Under a typical long term incentive plan, an executive has the opportunity to receive a certain amount of money (for example 50% of their fixed remuneration) in shares if they meet certain performance conditions.
Companies will issue performance share rights to the executive reflecting the agreed remuneration value that vests to the executive if the performance conditions are met. In the past, to calculate how many performance shares to issue, the company would normally divide the value of an executives’ long term incentive opportunity by the volume weighted average share price (VWAP) – otherwise known as the face value of the shares.
However, as we noted in December last year, many organisations are using a discounted value for the performance shares instead of the current market value. This discounted value will often be lower than the market value of the shares because it takes into account factors such as the risk of not meeting performance hurdles and foregone dividends. The number of performance shares to be granted rises because of the lower accounting value used for the calculation.
Credit Suisse does not endorse this practice.
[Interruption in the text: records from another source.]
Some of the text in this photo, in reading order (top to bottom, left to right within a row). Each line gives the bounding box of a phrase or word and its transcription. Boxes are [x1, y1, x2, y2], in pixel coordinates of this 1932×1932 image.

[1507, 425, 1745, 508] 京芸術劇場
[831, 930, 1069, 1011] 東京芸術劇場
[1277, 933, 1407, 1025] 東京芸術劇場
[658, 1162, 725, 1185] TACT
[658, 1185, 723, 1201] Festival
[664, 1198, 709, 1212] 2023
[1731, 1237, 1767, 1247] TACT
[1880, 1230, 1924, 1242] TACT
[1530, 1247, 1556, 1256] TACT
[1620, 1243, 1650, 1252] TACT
Neither does Egan Associates. We also agree with Credit Suisse’s reasons for not favouring the practice:
- There is a fault in the logic of adjusting the value of performance rights downwards to compensate for the risk of not meeting performance hurdles when long term incentives are intended to be a risk-based measure.
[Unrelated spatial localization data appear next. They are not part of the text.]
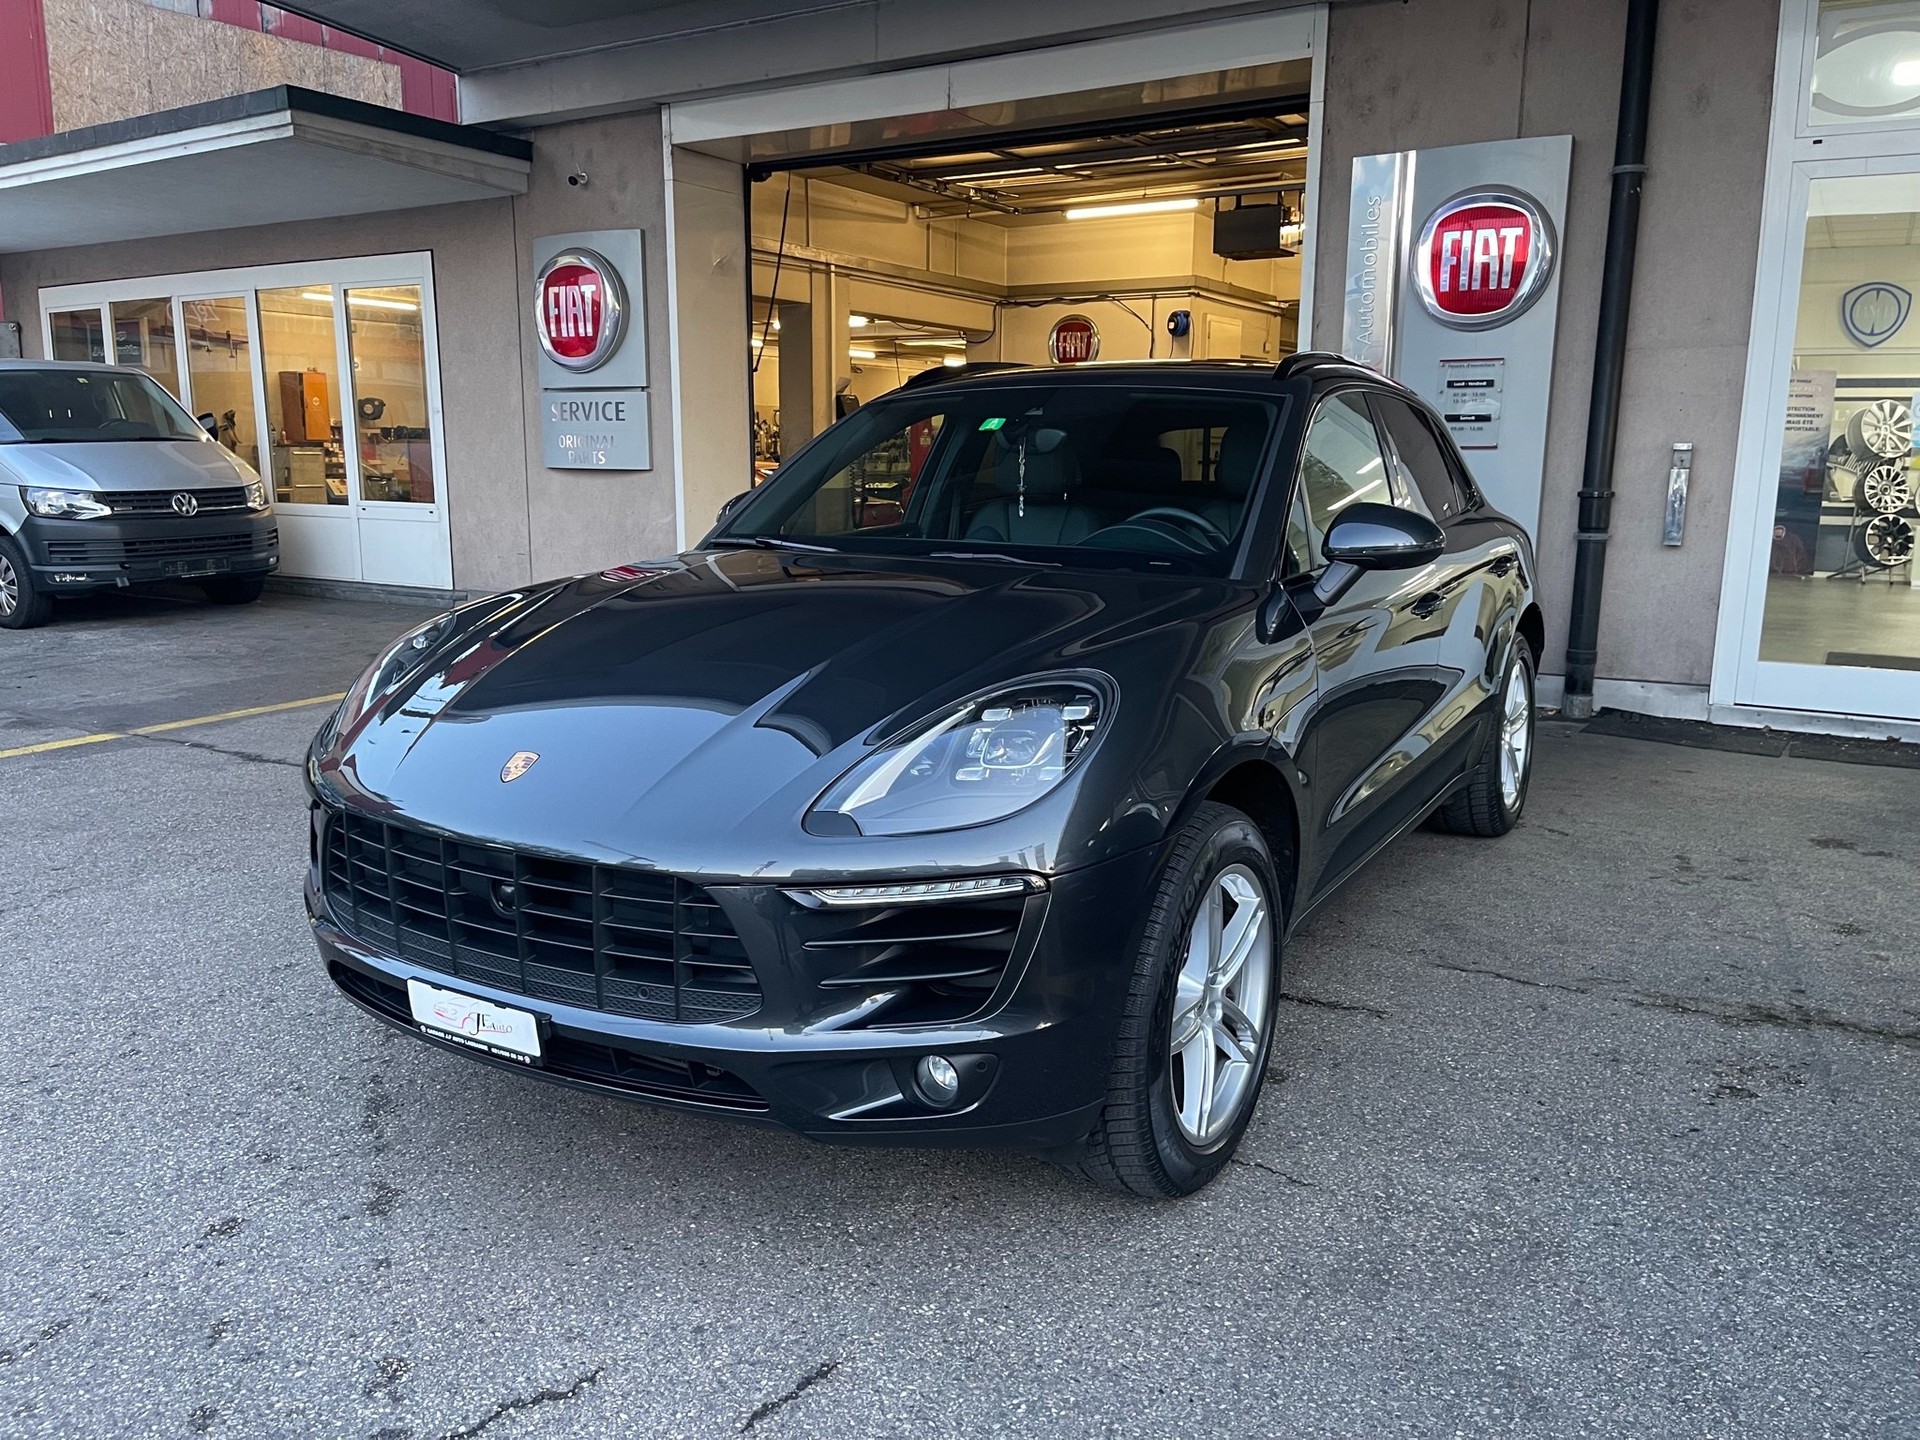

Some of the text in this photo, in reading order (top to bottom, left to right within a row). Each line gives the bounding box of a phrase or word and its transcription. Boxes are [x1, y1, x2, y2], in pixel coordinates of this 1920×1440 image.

[1356, 195, 1382, 345] Automobiles
[1440, 227, 1524, 292] FIAT
[548, 285, 597, 338] FIAT
[1058, 331, 1091, 359] FIAT
[551, 400, 626, 422] SERVICE
[558, 434, 616, 449] ORIGINAL
[567, 450, 606, 465] PARTS
- Transparency is sacrificed.
- Because not all companies use discounted values to determine LTI awards and those that do so employ different methods to calculate the discounted values, executives’ LTI opportunities become difficult to compare.
Credit Suisse stated that 21 of the around 70 ASX 100 companies it had examined used discounted fair values when allocating equity to executives under long term incentives, with over four times as many rights being issued in one case than would have been granted using the market value of the performance rights.
This report followed another by ISS in March 2014 that also examined the ‘windfall’ to ASX 50 executives of using fair value methodologies to allocate performance shares to the executives. ISS compared the value of performance shares at grant date and vesting based on whether the performance shares had been allocated using the face value or a fair value.
It found that significantly more performance shares were allocated to executives when fair value methodologies were used to determine the number of rights, leading to awards being inflated by over $1 million in some cases.
From Egan Associates’ perspective, this is the most critical area of emerging sensitivity in relation to long term incentive plans, especially as regards its impact on transparency in disclosure to shareholders.
We note that share rights are the dominant vehicle for long term incentive plans today, excepting in emerging and growing smaller market cap companies where options remain an attractive vehicle.
It is our judgement that allocation on the basis of the prevailing share price remains the most appropriate method for LTI grants. In this context, if an executive’s fixed remuneration, for example, was $500,000 and their long term incentive was established at 50% of the fixed remuneration value (that is $250,000) and shares were trading at $10 (VWAP over the ten days prior to the LTI grant issue date), the executive would receive 25,000 rights.
In this situation there is clarity in relation to shareholders’ expectations – that the executive is receiving an incentive opportunity at the current market price of the company’s shares equivalent to 50% of their fixed remuneration, subject to meeting performance and service hurdles.
Whilst we appreciate that Boards will seek independent advice on the accounting treatment for proposed equity grants, such advice should not be adopted to calculate the number of share rights to grant to executives. The issues of allocation value (incentive opportunity to the executive) and the accounting cost to the company are separate.
Where Boards have received specific advice re adopting fair value for determining the LTI grant, they should receive a confirmatory letter to that effect from their advisor.